Ładne ,mądre,samodzielne finansowo kobiety - samotne.
Ja jak stara swatka - podpytuję klientów czy są kawalerami - a one wcale nie dążą do związku.
Mam wrażenie,że jest im dobrze jak jest.
Pogodziły się z losem czy to świadomy wybór?
Znam też mężczyzn w podobnym wieku.
Żyją samotnie ,mają jakieś fajne hobby ,na niedzielny obiad wpadają do mamy , potańczą w klubie raz na jakiś czas i ani im w głowach małżeństwa.
Taka teraz moda?
Czy poprostu rozsądny wybór?
Nie wiem o co chodzi i co się dzieje, ale "zero ruchu w interesie" ...
prawie 30 na karku i samotność doskwiera... bynajmniej nie z wyboru
Tak jak piszesz, także wiele moich koleżanek naprawdę ladnych, mądrych itd nie może znaleźć sobie faceta...
Co sie z nimi stalo???
Nie wiem o co chodzi i co się dzieje, ale "zero ruchu w interesie" ...

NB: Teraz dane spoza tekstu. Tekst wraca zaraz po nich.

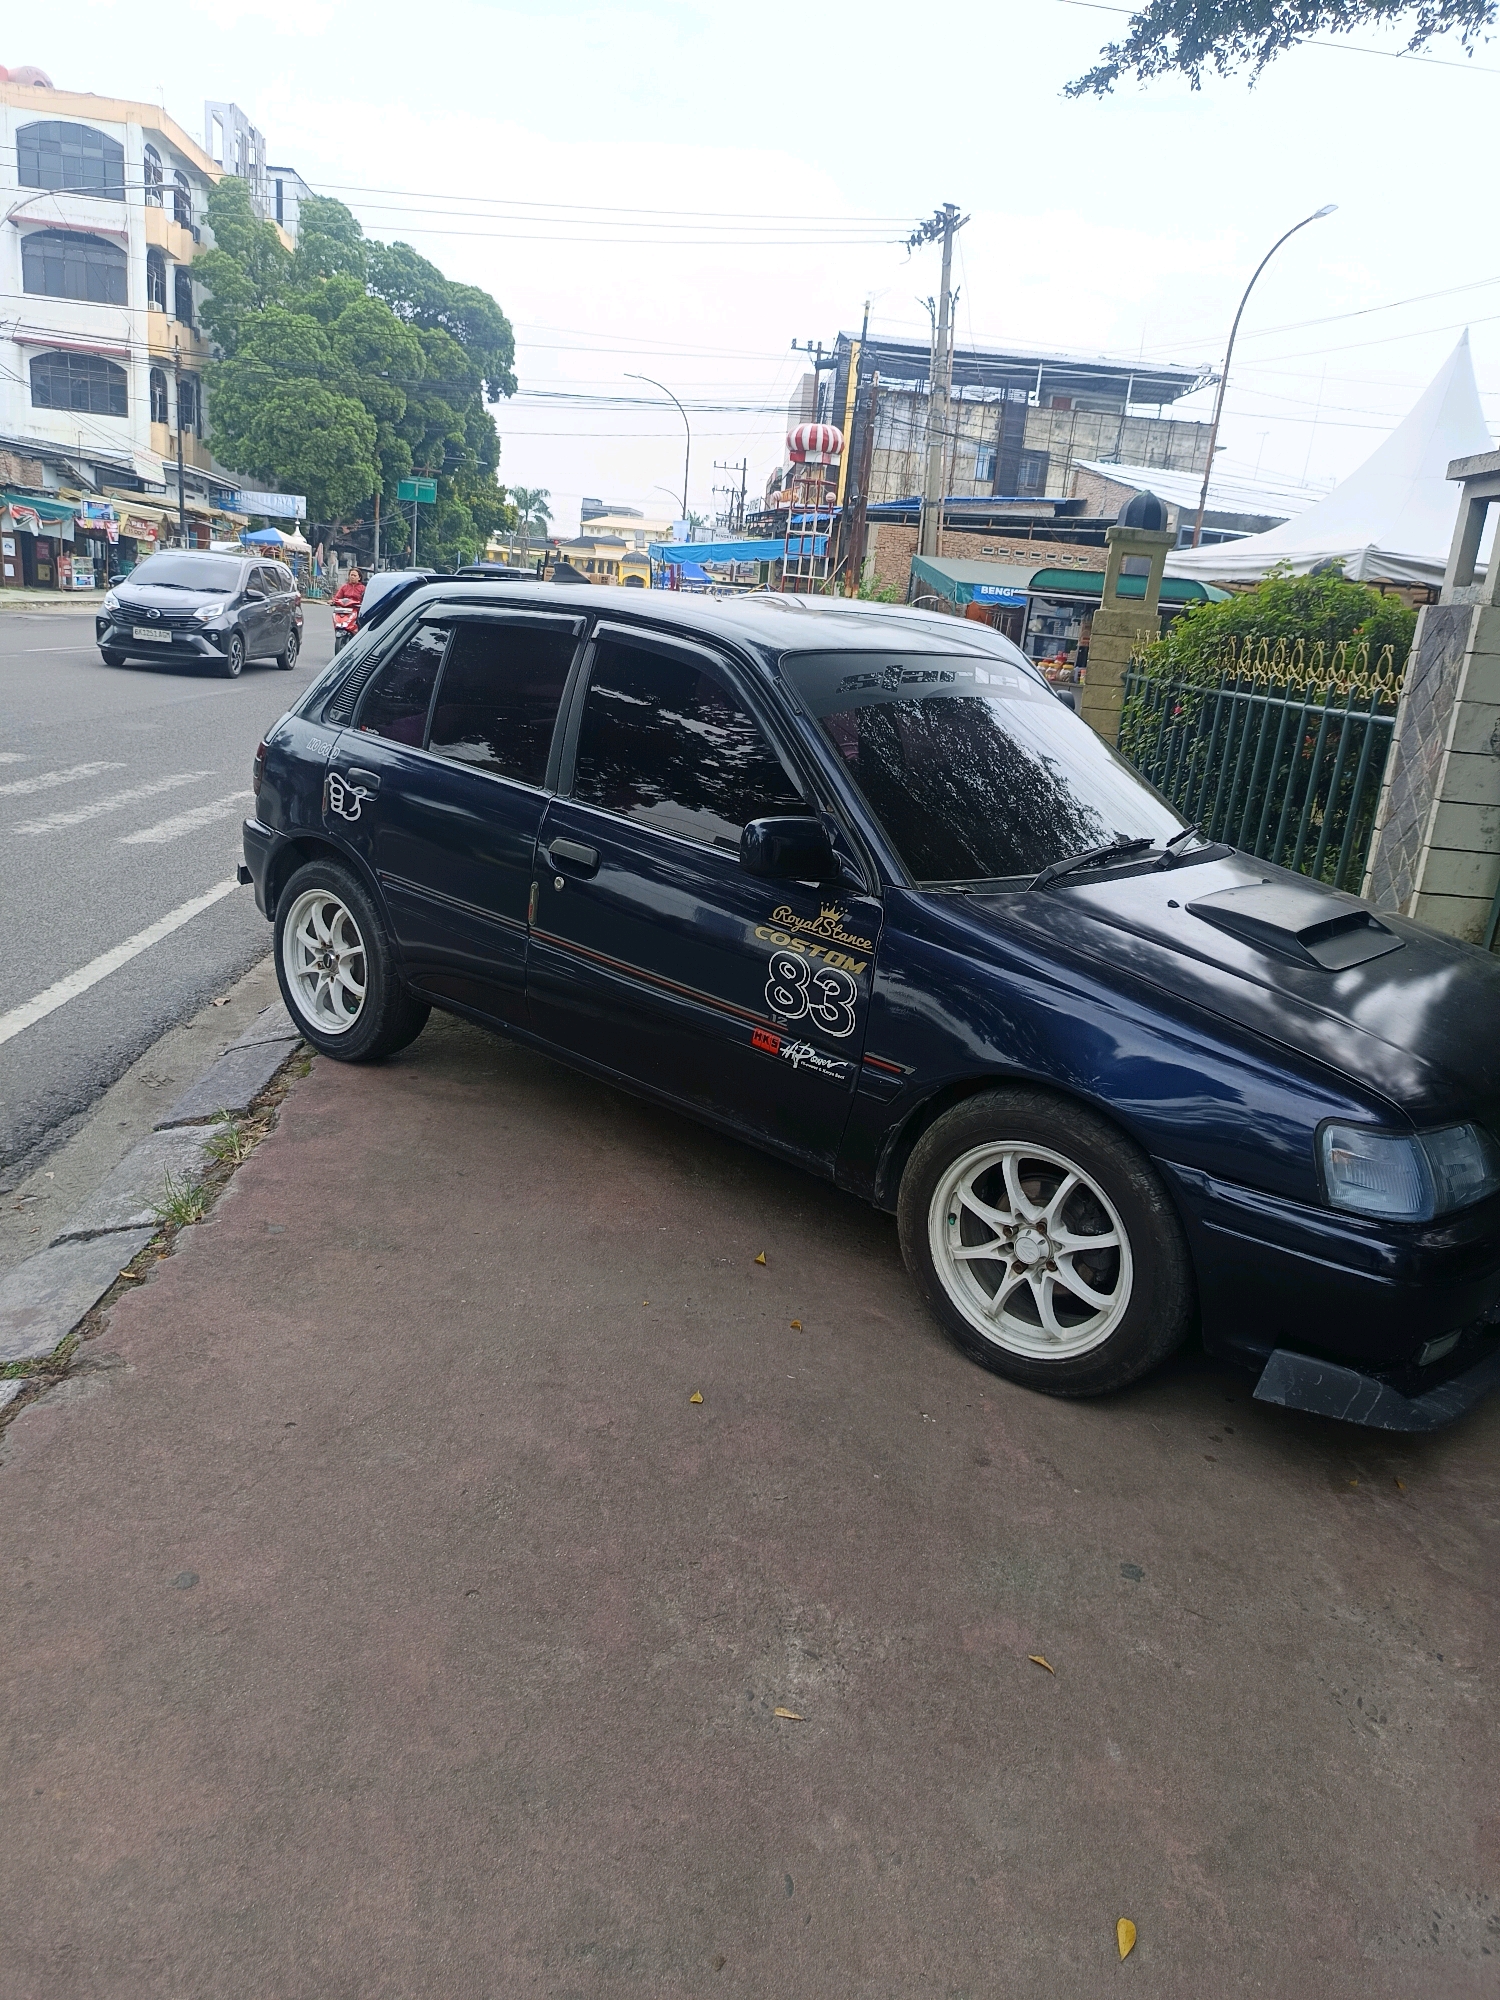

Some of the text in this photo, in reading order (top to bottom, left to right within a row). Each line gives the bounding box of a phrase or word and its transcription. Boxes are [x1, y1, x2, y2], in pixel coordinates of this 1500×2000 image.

[306, 738, 321, 752] NO
[765, 950, 857, 1037] 83
[752, 1029, 780, 1051] HKS

prawie 30 na karku i samotność doskwiera... bynajmniej nie z wyboru
Tak jak piszesz, także wiele moich koleżanek naprawdę ladnych, mądrych itd nie może znaleźć sobie faceta...
Co sie z nimi stalo???
Właśnie mnie dziwią ci faceci- synowie moich znajomych. Usamodzielnili się i świetnie funkcjonują bez kobiet. I śmieją się ze mnie jak im wypominam starokawalerstwo.
Obserwuję wiele młodych /jak dla mnie młodych/ osób. Takich około 30 .
Pogodziły się z losem czy to świadomy wybór?
Hehe,coś dla mnie i dla moich "kumoszek" najbliższych! 😎
Myślę,że to bardziej wybór świadomy,bo lepiej być samemu niż z byle kim...
Nie zawsze trafia się na księcia z bajki,a i zauważyłam,że kobietom z "jajami" dużo trudniej znalezc kogoś odpowiedniego,wartego grzechu...mam wrażenie,że faceci boją się silnych i pewnych siebie kobiet! 🙄 Owszem,imponują im "te silne",adorują je,ale łatwiej żyje się im u boku takich bezradnych meduz! Właśnie takie bezradne meduze mają większe szanse na poważny związek!
Może mniej wymagają??? 🙄
No ale jak, singielka ma się tak związać z pierwszym lepszym, żeby nie być sama? W wieku 30 lat, jak będę sama, mam wyrwać pierwszego, który się nawinie?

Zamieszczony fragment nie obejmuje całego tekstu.